# Work item:
Reproduce the entries word for word but drop every picture.

(Images for object localization)
═══
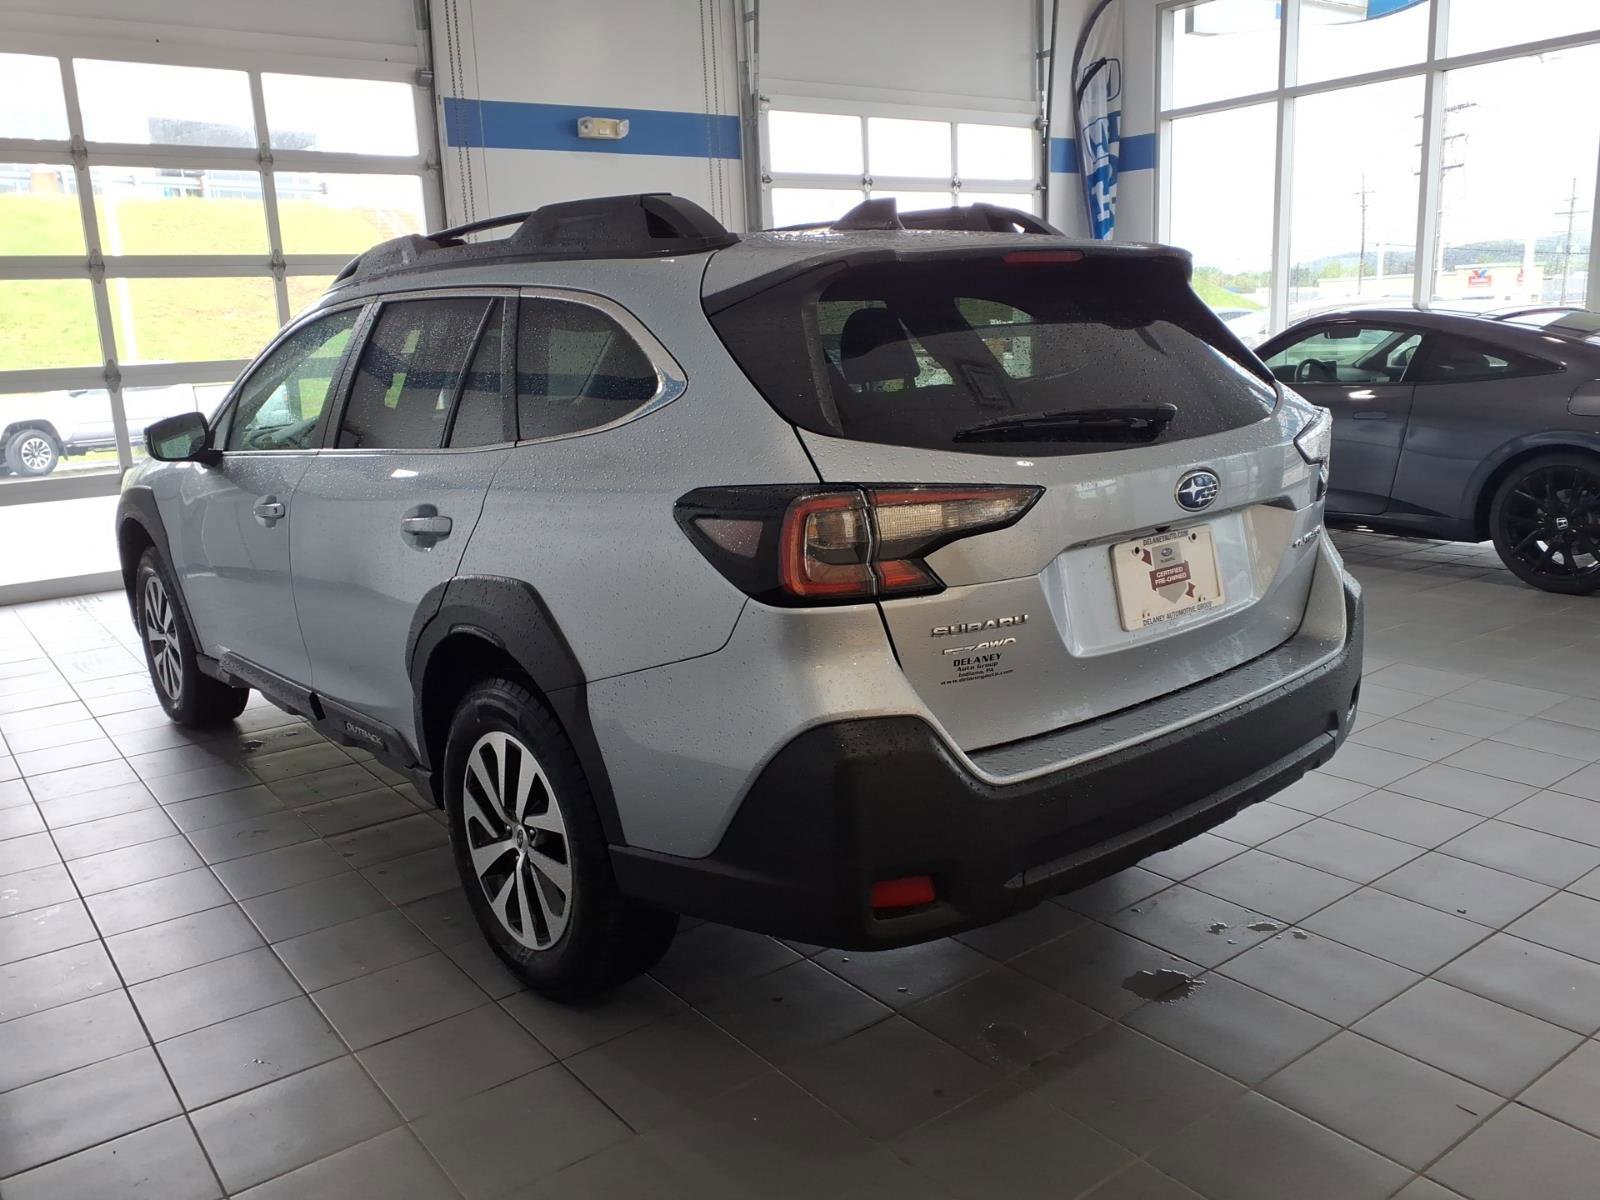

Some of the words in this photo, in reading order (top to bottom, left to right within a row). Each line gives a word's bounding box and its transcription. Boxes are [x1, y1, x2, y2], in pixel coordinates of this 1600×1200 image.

[1155, 572, 1187, 585] PRE-OWNED
[1156, 566, 1184, 578] CERTIFIED
[1143, 615, 1165, 626] DELANEY
[1166, 606, 1196, 618] AUTOMOTIVE
[931, 614, 1029, 637] SUBARU
[953, 653, 1002, 667] DELANEY
[977, 661, 999, 669] Group
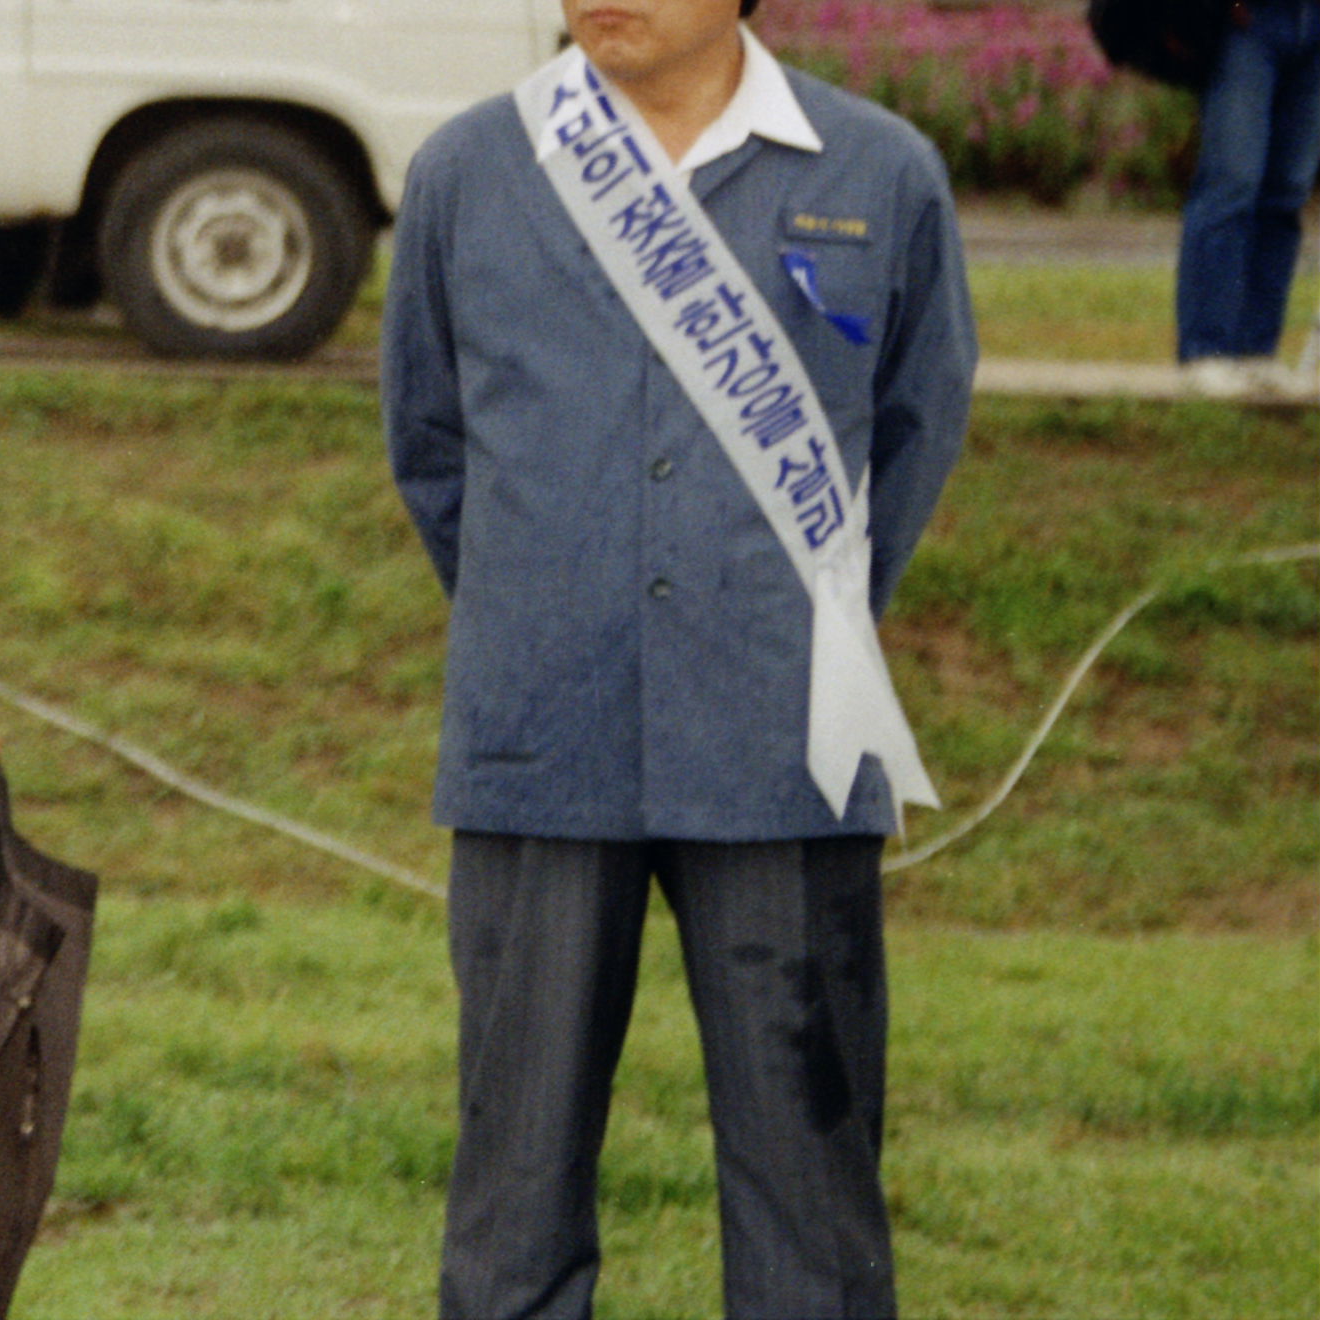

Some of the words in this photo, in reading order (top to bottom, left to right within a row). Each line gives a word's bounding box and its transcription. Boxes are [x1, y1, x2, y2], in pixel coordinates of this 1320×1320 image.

[549, 62, 651, 202] 시민의
[610, 183, 717, 301] 젖줄
[674, 283, 808, 449] 한강을
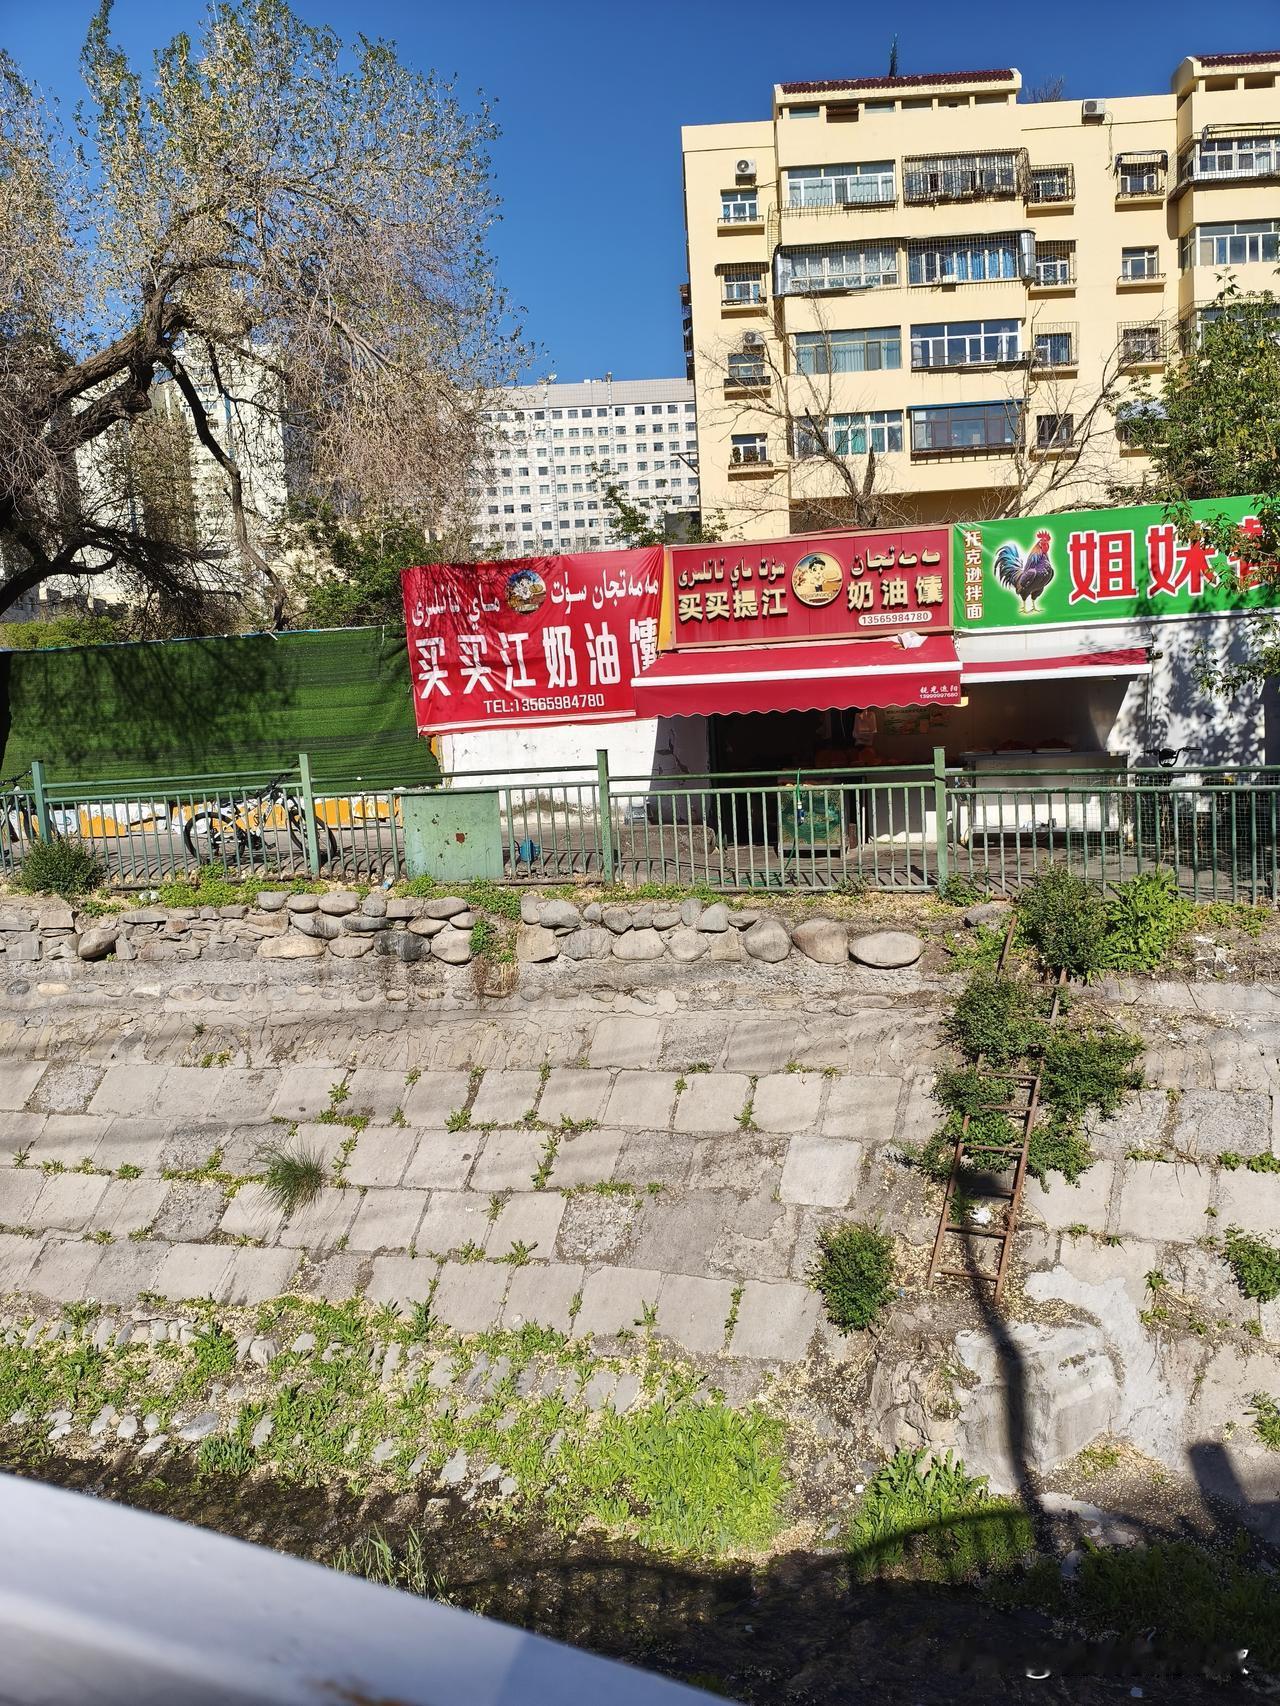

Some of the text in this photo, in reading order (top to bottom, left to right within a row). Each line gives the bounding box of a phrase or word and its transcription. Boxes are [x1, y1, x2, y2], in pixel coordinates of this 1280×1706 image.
═══
# Reply:
Some of the words in this photo, in reading order (top to bottom, left to right within a row). Each line gives a word's bounding box and its transcription. Boxes are [x1, y1, x2, y2], in pixel coordinates of this 1600×1200 image.

[1155, 572, 1187, 585] PRE-OWNED
[1156, 566, 1184, 578] CERTIFIED
[1143, 615, 1165, 626] DELANEY
[1166, 606, 1196, 618] AUTOMOTIVE
[931, 614, 1029, 637] SUBARU
[953, 653, 1002, 667] DELANEY
[977, 661, 999, 669] Group

Some of the words in this photo, in reading order (top to bottom, left to right within a row). Each line gives a word's bounding box and its transcription. Boxes are [x1, y1, x2, y2], in pixel coordinates of this 1320×1320 image.

[549, 62, 651, 202] 시민의
[610, 183, 717, 301] 젖줄
[674, 283, 808, 449] 한강을

Some of the text in this photo, in reading order (top to bottom, left to right within a row). Each line gives the bounding box of a phrase or word and its transcription. Boxes are [x1, y1, x2, y2], in pixel coordinates of this 1280×1706 image.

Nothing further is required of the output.